I’m not religious in any way, I think that’s pretty well established. I have no faith. Sometimes I think that’s a great pity, because death is pretty weird, all told.
There are few times in the life of average folk when, as the main character, front and centre, they’ll generate such a swell of emotional response. So many people fussing about – remembering, crying, celebrating, organizing and, perhaps most importantly, preparing food. Oh the food! Our waistlines can think themselves lucky that we’re not permanently surrounded by death.
I’ve spoken of my thoughts on death a few times before on mattsoldmanrants. I’ll generally be able to find something rantworthy in any topic, death being no exception. But this time, I have to acknowledge that death also has its good points.
I went to my aunt’s funeral yesterday. It was a day of recollection, happiness and celebration. More than anything, it was a day of community. My aunt belonged to a community from which my day-to-day life couldn’t be more distant; at the same time, it’s one that I’ve always been made to feel so much a part of, as if I were somehow integral to it and always so very welcome under its roof and within its walls.
As we were leaving yesterday, I mentioned to mum that I’m made to feel like some kind of layperson-celebrity every time I’m in their company. That’s just what they’re like. It’s not tacky, pointless adoration for the sake of it. Quite the opposite: it’s pointed, purposeful respect. I honestly think it wouldn’t matter who you were, they’d always make anyone feel that way.

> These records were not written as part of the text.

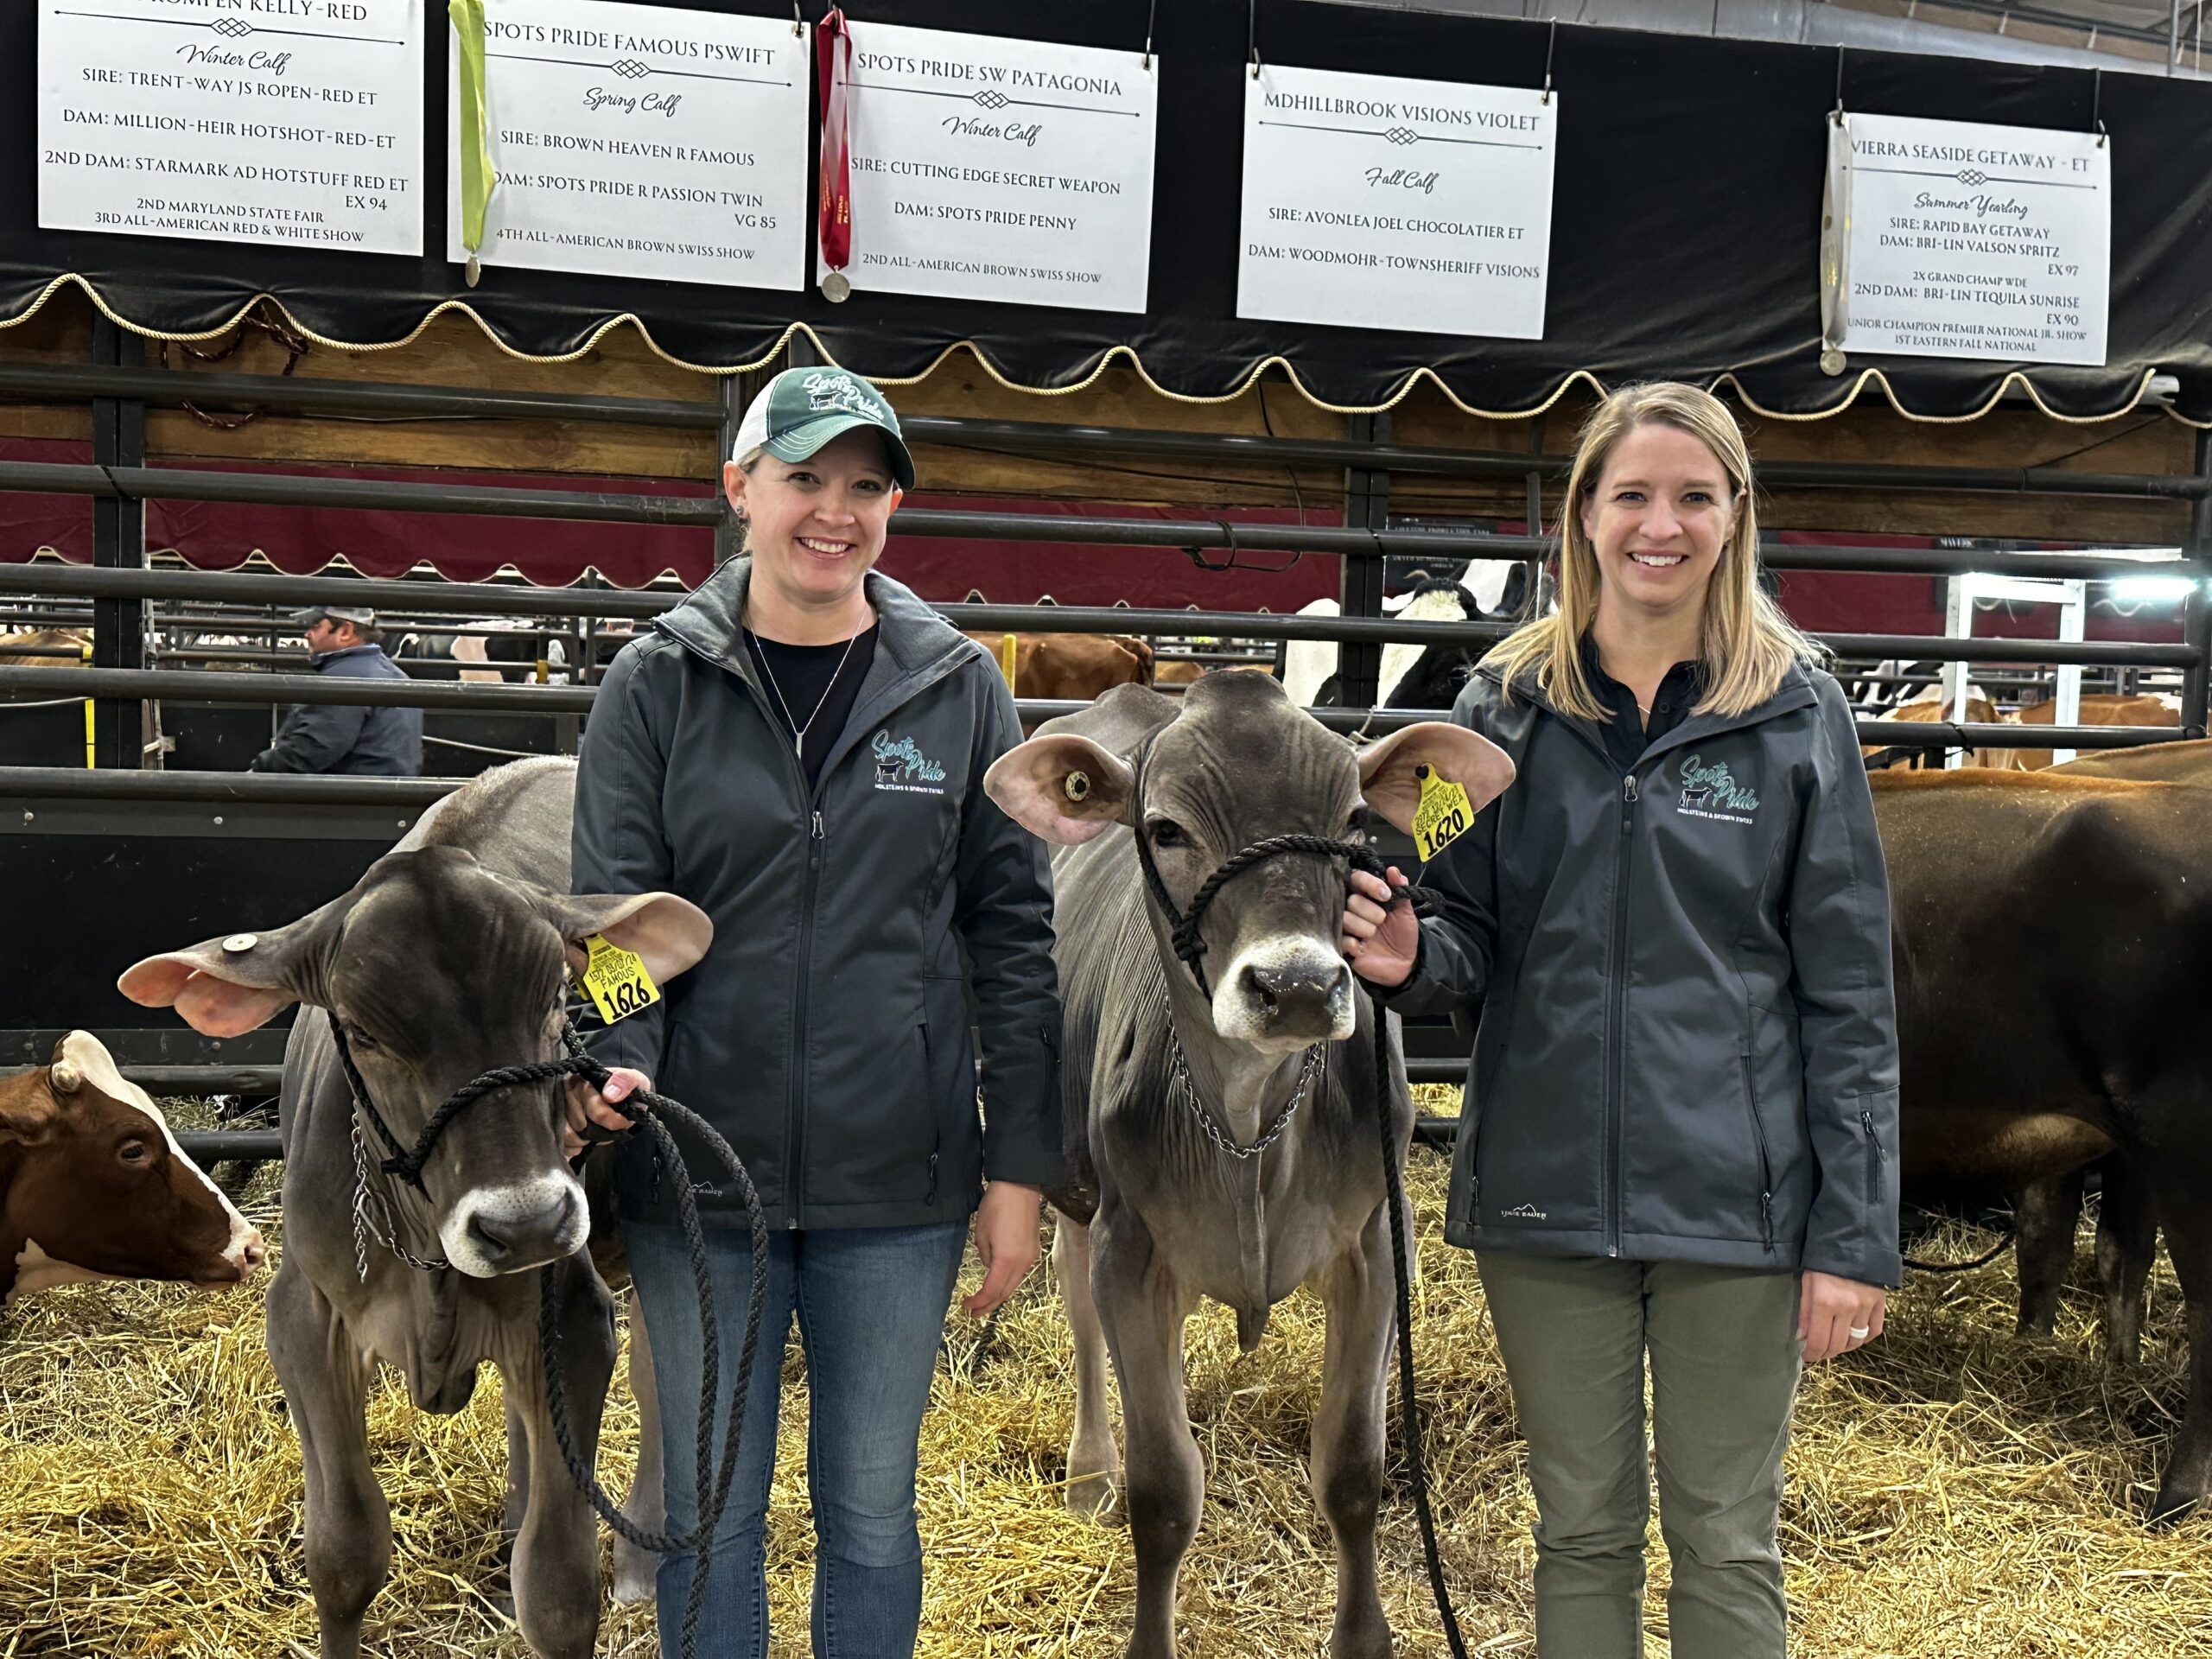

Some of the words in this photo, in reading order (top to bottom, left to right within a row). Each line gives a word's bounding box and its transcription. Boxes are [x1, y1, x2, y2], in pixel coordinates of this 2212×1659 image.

[250, 0, 367, 21] KELLY-RED
[175, 43, 245, 67] Winter
[248, 50, 292, 77] Calf
[483, 22, 545, 42] SPOTS
[551, 27, 609, 48] PRIDE
[614, 34, 698, 57] FAMOUS
[704, 43, 776, 66] PSWIFT
[82, 67, 124, 84] SIRE:
[127, 71, 233, 93] TRENT-WAY
[238, 80, 252, 97] JS
[257, 82, 354, 104] ROPEN-RED
[358, 92, 378, 105] ET
[857, 52, 915, 73] SPOTS
[921, 59, 975, 80] PRIDE
[978, 66, 1007, 83] SW
[1012, 69, 1122, 96] PATAGONIA
[582, 86, 637, 115] Spring
[640, 92, 683, 118] Calf
[1264, 92, 1397, 119] MDHILLBROOK
[1402, 105, 1472, 125] VISIONS
[1477, 111, 1541, 131] VIOLET
[63, 108, 109, 125] DAM:
[113, 113, 237, 136] MILLION-HEIR
[241, 123, 397, 149] HOTSHOT-RED-ET
[941, 116, 1001, 138] Winter
[1003, 123, 1043, 148] Calf
[500, 130, 539, 146] SIRE:
[543, 134, 604, 152] BROWN
[608, 140, 672, 159] HEAVEN
[677, 146, 687, 161] R
[690, 148, 754, 167] FAMOUS
[1851, 139, 1909, 157] VIERRA
[1911, 144, 1974, 162] SEASIDE
[1977, 149, 2055, 169] GETAWAY
[2072, 157, 2088, 172] ET
[45, 149, 81, 165] 2ND
[85, 153, 130, 169] DAM:
[135, 156, 229, 177] STARMARK
[232, 165, 257, 179] AD
[262, 167, 349, 187] HOTSTUFF
[353, 175, 385, 190] RED
[389, 177, 409, 192] ET
[850, 156, 887, 173] SIRE:
[890, 161, 959, 180] CUTTING
[963, 168, 1001, 184] EDGE
[1002, 172, 1056, 189] SECRET
[1058, 176, 1121, 195] WEAPON
[1364, 167, 1403, 188] Fall
[1402, 171, 1440, 195] Calf
[345, 194, 365, 210] EX
[369, 197, 388, 211] 94
[537, 175, 586, 192] SPOTS
[589, 180, 634, 197] PRIDE
[638, 184, 648, 198] R
[652, 185, 716, 203] PASSION
[720, 192, 763, 208] TWIN
[137, 197, 166, 211] 2ND
[168, 200, 247, 217] MARYLAND
[249, 207, 292, 220] STATE
[294, 210, 325, 223] FAIR
[734, 213, 756, 228] VG
[760, 215, 776, 229] 85
[894, 201, 934, 218] DAM:
[937, 206, 982, 222] SPOTS
[985, 209, 1027, 226] PRIDE
[1029, 213, 1077, 231] PENNY
[1268, 207, 1302, 222] SIRE:
[1304, 210, 1370, 228] AVONLEA
[1372, 216, 1404, 231] JOEL
[1406, 219, 1505, 239] CHOCOLATIER
[1508, 226, 1525, 240] ET
[94, 212, 122, 225] 3RD
[124, 214, 229, 232] ALL-AMERICAN
[232, 221, 259, 235] RED
[261, 224, 271, 236] &
[274, 225, 321, 239] WHITE
[322, 229, 365, 243] SHOW
[1890, 217, 1920, 231] SIRE:
[1923, 219, 1961, 233] RAPID
[1962, 221, 1987, 236] BAY
[1988, 224, 2050, 240] GETAWAY
[496, 228, 523, 241] 4TH
[525, 231, 624, 249] ALL-AMERICAN
[627, 238, 675, 253] BROWN
[677, 244, 714, 257] SWISS
[715, 247, 755, 260] SHOW
[1879, 233, 1914, 248] DAM:
[1916, 236, 1964, 251] BRI-LIN
[1966, 239, 2017, 255] VALSON
[2018, 244, 2060, 258] SPRITZ
[862, 253, 888, 265] 2ND
[889, 256, 981, 273] ALL-AMERICAN
[983, 264, 1028, 277] BROWN
[1029, 268, 1064, 281] SWISS
[1065, 270, 1102, 283] SHOW
[1249, 244, 1286, 259] DAM:
[1485, 263, 1540, 279] VISIONS
[2048, 263, 2063, 276] EX
[1912, 270, 1926, 282] 2X
[1927, 270, 1965, 283] GRAND
[1965, 275, 2004, 287] CHAMP
[1854, 283, 1882, 296] 2ND
[1884, 284, 1918, 298] DAM:
[1923, 287, 1972, 302] BRI-LIN
[1974, 290, 2027, 306] TEQUILA
[2029, 294, 2080, 309] SUNRISE
[1847, 317, 1881, 329] UNIOR
[2046, 313, 2062, 326] EX
[872, 729, 914, 762] Spots
[906, 749, 946, 781] Pride
[1680, 754, 1728, 788] Spots
[1712, 776, 1759, 810] Pride
[1423, 808, 1464, 857] 1620
[601, 967, 635, 989] FAMOUS
[602, 976, 651, 1020] 1626

In conversation, on whatever topic, they look into you, rather than at you; into your eyes, into your soul, as if they’re reading you, that’s how it sometimes feels. There’s never any suggestion that they’re pondering what the hell’s going on with your hair or how much weight you’ve gained since they last saw you or why that outfit. It’s a kind of genuine interest in you, the person, that’s rarely found elsewhere.
The whole thing really made me feel a part of something. As I was leaving a lady, who I’d never seen before in my life, called out to me, “congratulations on your wonderful aunt!”. Suddenly I felt proud of someone for whom I was in no way responsible but who, in so many ways, was very much responsible for the man I am today. Of everything she taught me and all the character traits I’ve tried to mimic over the years, the one thing I’ve never managed to achieve is my aunt’s absolute faith, her self-discipline and her dedication. I’d love to have that much faith – in something, anything. But I never have.
See, my aunt was a nun for nearly 58 years. She was a Josephite – one of the Sisters of St Joseph of the Sacred Heart, a congregation co-founded by Saint Mary MacKillop in South Australia in the 1860s. As a kid, I almost always lived wherever my aunt wasn’t, so I never had the opportunity to truly discover who she was until my teenage years. Up till then, I had a clichéd image of nuns, no doubt thanks to the likes of The Sound of Music and The Flying Nun. By the late-80s, even though it was still common to see nuns in full habit – whether the big spooky pre-Vatican II black garb or its more relaxed, modern (and usually quite beige) post-Vatican II update, my aunt and many of her sisters were abandoning the habit altogether and, for the first time, I began to see them as people, rather than as ‘nuns’. It was as if seeing them out of habit was like seeing a different person; it took me a long time to realise that they were always exactly the same, regardless of what they wore.
There was no denying it, though. They weren’t like normal people, in or out of habit. They were genuinely caring, giving and interested – all the time. If it was ever called for, they would quite literally give you the shirt off their back, or at very least rustle one up from somewhere with minimal difficulty. At their profession ceremony they take a public vow of poverty, amongst other things, which means they live quite unlike anyone in mainstream society, particularly in the modern age. The sisters’ lot in life is still as austere as it’s always been, yet they all seem perfectly happy.
Today convents are run much like businesses. Day-to-day life is a combination of work, prayer and learning through study or contemplation. It’s a simple life, far removed from what the majority of us know and, in many ways, very much a product of another time. Yet they’re all still wonderfully caring, graceful and among the most contented people I’ve ever known, despite having not a single possession to their names, other than perhaps a handful of personal effects. Aside from a box of photo albums and a watch that I immediately recognized, my aunt had no other possessions. Nor did she ever wish for any.
Yesterday I learned – or, rather, I was reminded – that religious don’t view death as life ending, but as life changing. And it’s a change they celebrate, even though the loss of a physical presence may be mourned. There’s a sense of community surrounding death in the religious world and it clearly says “this is something valuable”. And it’s not ‘was’, it’s ‘is’. As long as someone exists to remember them it’s all still very much present-tense, however much their life, their essence or their physical presence, may have been relegated to the past through the act of dying.
And speaking of the past, I was reminded of something else important yesterday: it’s well past time for me to go out and do something valuable.